So, if you will indulge me, here is a bit of armchair travelling, courtesy of some old photos. First up, the slog to Iona. As you may know, the Isle of Iona sits off the Isle of Mull which sits off the west coast of Scotland due west, more or less, from the town of Oban, known for good reason as “The Gateway to the Isles”. Back in the day, Iona was at the very centre of its world, both figuratively and literally. It was the hub of a vast and powerful network of monasteries which linked together peoples and kingdoms. If you think of the oceans as highways, then this makes sense. All roads led to Iona.

Now it feels slightly off the beaten track. Which, to be honest, only adds to its appeal. Unless you’re lucky enough to sail to it, to get to Iona you have to get yourself to Oban, then take a car ferry to the magnificent Isle of Mull, where you disembark, then drive like mad all the way across the island on hair-raising single-track roads, fearing all the while that you’ll miss your second ferry, the one to Iona.

The journey looks like this. It’s always slightly harrowing and, dare I say it, fun. Even if you’ve done the majority of it in a car, your spirit does feel as if you have undertaken a rather arduous pilgrimage:

Our starting point, the proud town of Oban, where you catch the first of your ferries …

On the left, the island of Kerrera. Dead ahead, Mull …

What’s not to love?

Eilean Musdile lighthouse, off Lismore. Always a joy.

The Maclean stronghold of Duart, dour guardian of Mull …

Then the mad dash across Mull itself …

Screeching into Fionnphort with seconds to spare …

… to catch the second ferry (a ferry which in days gone by you’d hail by ringing a bell or shouting VERY LOUDLY)

And there she is at last!

Now, of course, in Exile Columba doesn’t do this. He goes by boat since, paradoxically, at that time it was far safer and easier to go by the “sea-roads”, as they were known, than by land.

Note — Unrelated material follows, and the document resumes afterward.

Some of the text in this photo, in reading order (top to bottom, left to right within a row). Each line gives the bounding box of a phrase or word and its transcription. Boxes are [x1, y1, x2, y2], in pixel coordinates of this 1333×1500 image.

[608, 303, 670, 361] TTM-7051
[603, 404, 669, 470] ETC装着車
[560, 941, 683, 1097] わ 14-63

Here’s where in the book Columba first sets foot upon Iona. At first, he’s underwhelmed. He’s been thrown out of Ireland and has nowhere to go; in that day and age, a death-sentence. So he’s applied to the king of Dal Riata in Scotland, a mean, malign man by the name of Conall, for land for a settlement. Conall’s given him Iona; an insulting joke, since the island actually belongs to their mortal enemies the Caledonian Picts.

Undaunted, Columba hitches a ride to Iona then heads up to the top of the island’s lone hill, Dun I, to get a good look around. (You can see Dun I in the last photo. It’s the low hill which rises just to the left of the present-day Abbey. As the island’s only really high point, it’s a superior place to brood.)

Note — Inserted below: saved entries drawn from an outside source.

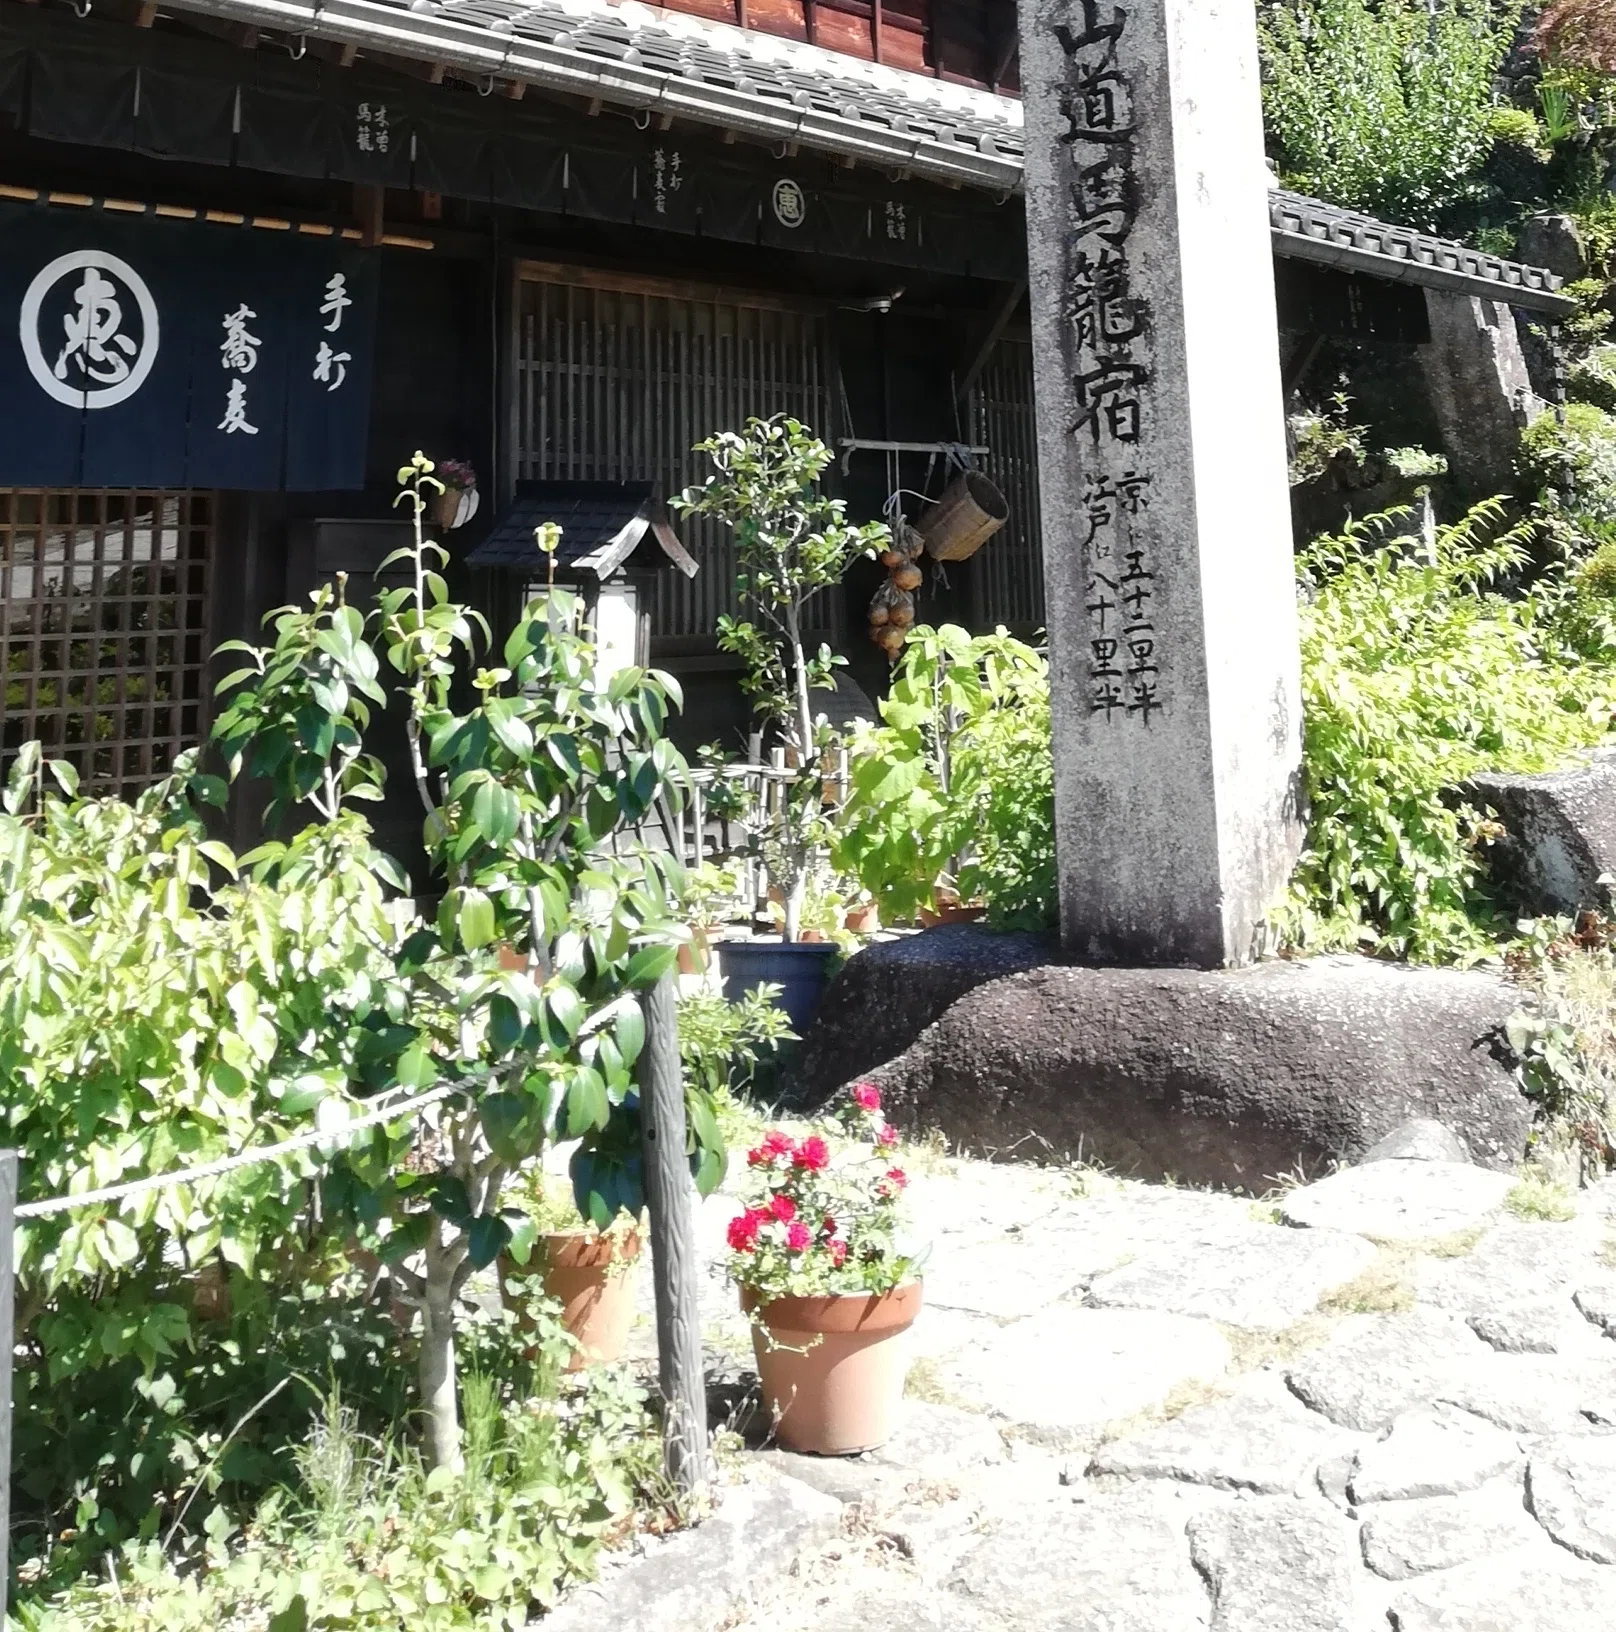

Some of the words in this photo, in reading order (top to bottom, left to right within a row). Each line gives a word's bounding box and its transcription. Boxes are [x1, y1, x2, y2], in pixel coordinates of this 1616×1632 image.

[356, 102, 374, 152] 馬籠
[669, 151, 683, 192] 手打
[53, 267, 138, 384] 恵
[216, 303, 263, 436] 蕎麦
[312, 272, 353, 392] 手打

Perusing the island with the exacting eye of an administrator, Columba is quite sure he won’t be able to feed and house the twelve friends who have insisted on coming into exile with him.

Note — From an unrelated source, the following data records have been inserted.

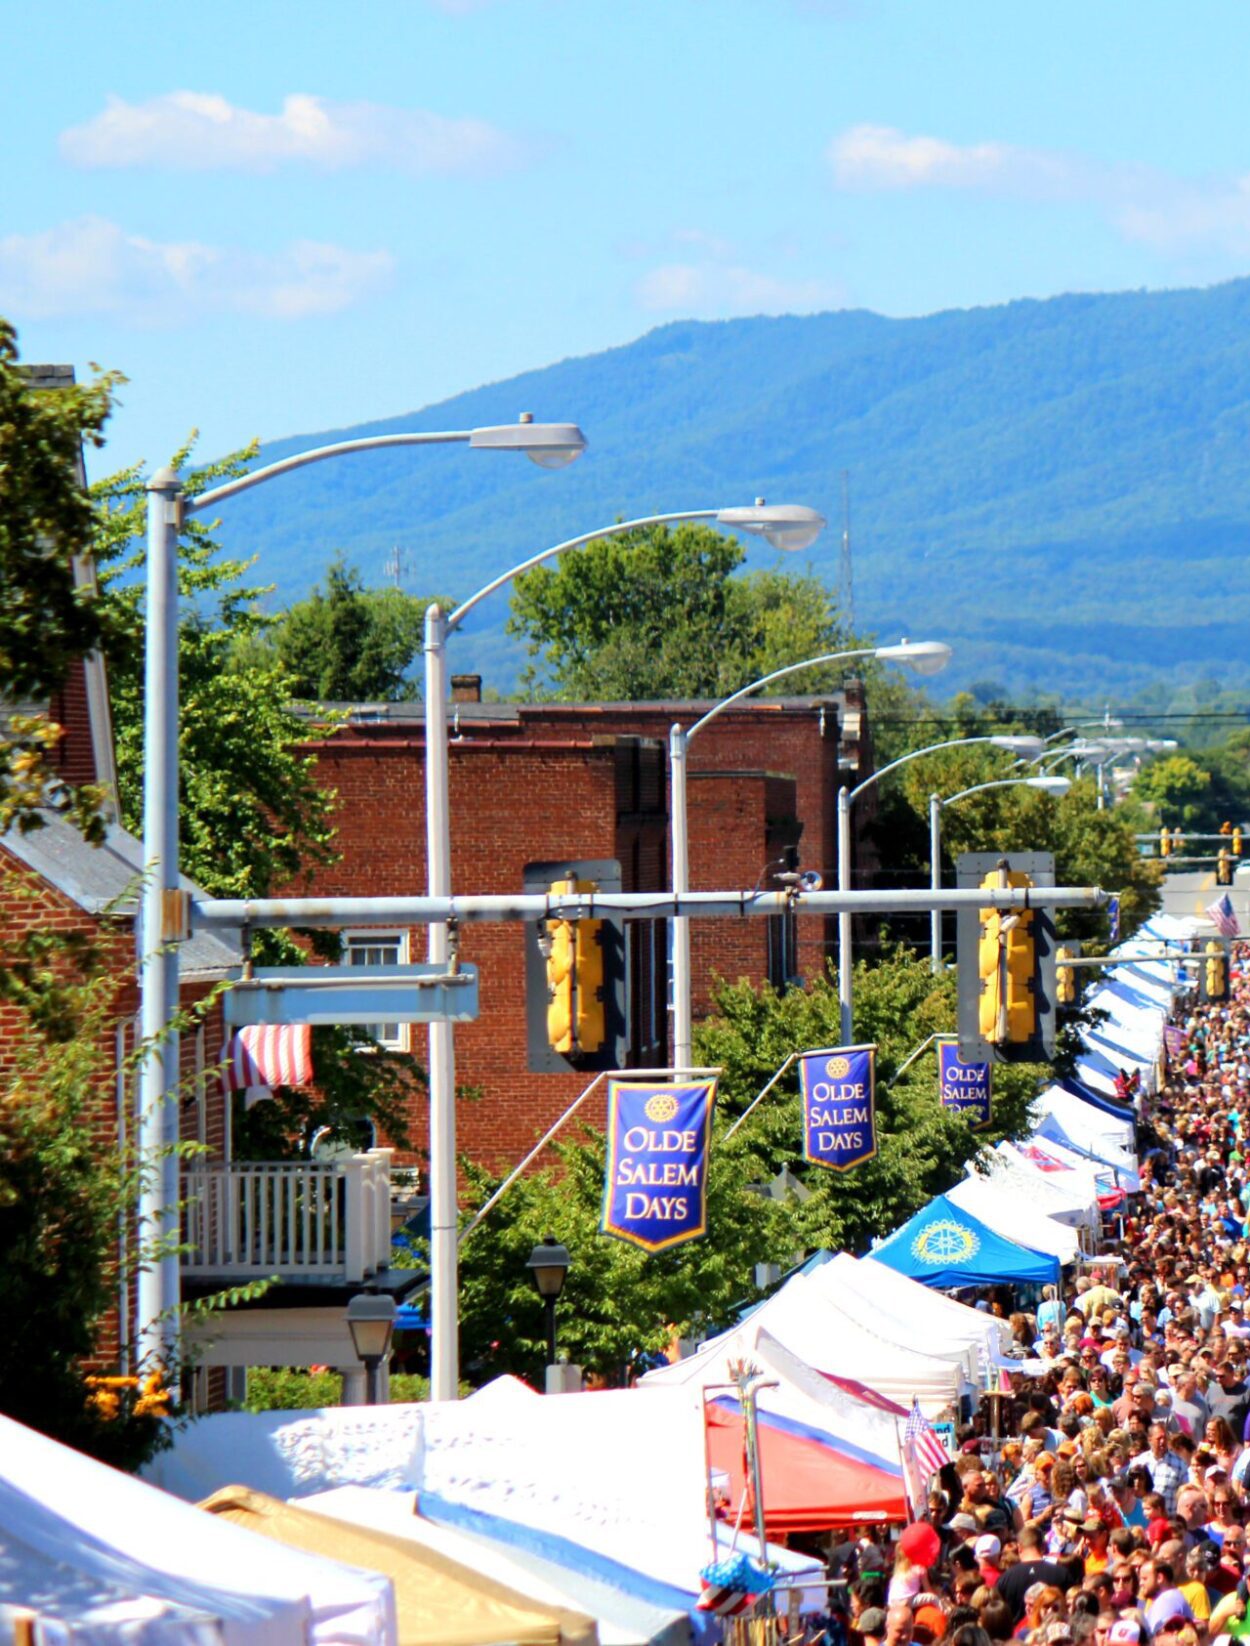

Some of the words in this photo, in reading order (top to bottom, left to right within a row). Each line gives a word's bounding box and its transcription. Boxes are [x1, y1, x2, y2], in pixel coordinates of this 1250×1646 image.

[946, 1066, 985, 1082] OLDE
[812, 1082, 866, 1102] OLDE
[943, 1084, 987, 1100] SALEM
[810, 1106, 869, 1128] SALEM
[623, 1126, 697, 1153] OLDE
[817, 1131, 864, 1152] DAYS
[617, 1157, 699, 1187] SALEM
[624, 1192, 689, 1220] DAYS

But then, something magical happens. Iona begins to reveal herself to him:

He saw it all with opened eyes. He saw beauty. Gently contoured, Iona was almost serene in her simplicity. Her stone was tinged the color rose, the sand of her beaches a startling shell-white: the prevailing south-westerly winds had lifted it from the dunes to sprinkle it throughout the machair. He took a deep breath. The air was pristine, rarified. Overhead, brilliant white clouds skimmed across a limitless heaven. And the colors! The encircling ocean was a riotous celebration of deep violets and azures and emerald greens. Sunlight glinted off the blue swell.

He could see it now, feel it. Aside from her beauty, there was an austerity to Iona, a solemnity. She seemed to ride above the water, straining towards the sky. It was as if she sought to shed both the ocean’s cold embrace and her own skin of soil and bones of rock as she strained towards God. It was as if on Iona time was at a stop. This made her a holy place, unfit for most kinds of settlement … but not for his.

With effort, with toil, everything he and his monks would need was right before himIf he could get Iona from the Caledonii …

[The Chronicles of Iona: Exile, pp. 91-92]

That’s what Iona feels like to me, in any case. It’s always an utter joy to be there–and getting there is half the fun. In trying times like these, when time itself feels almost “at a stop”, it’s comforting to know that places we’ve loved are waiting for us to make our way back.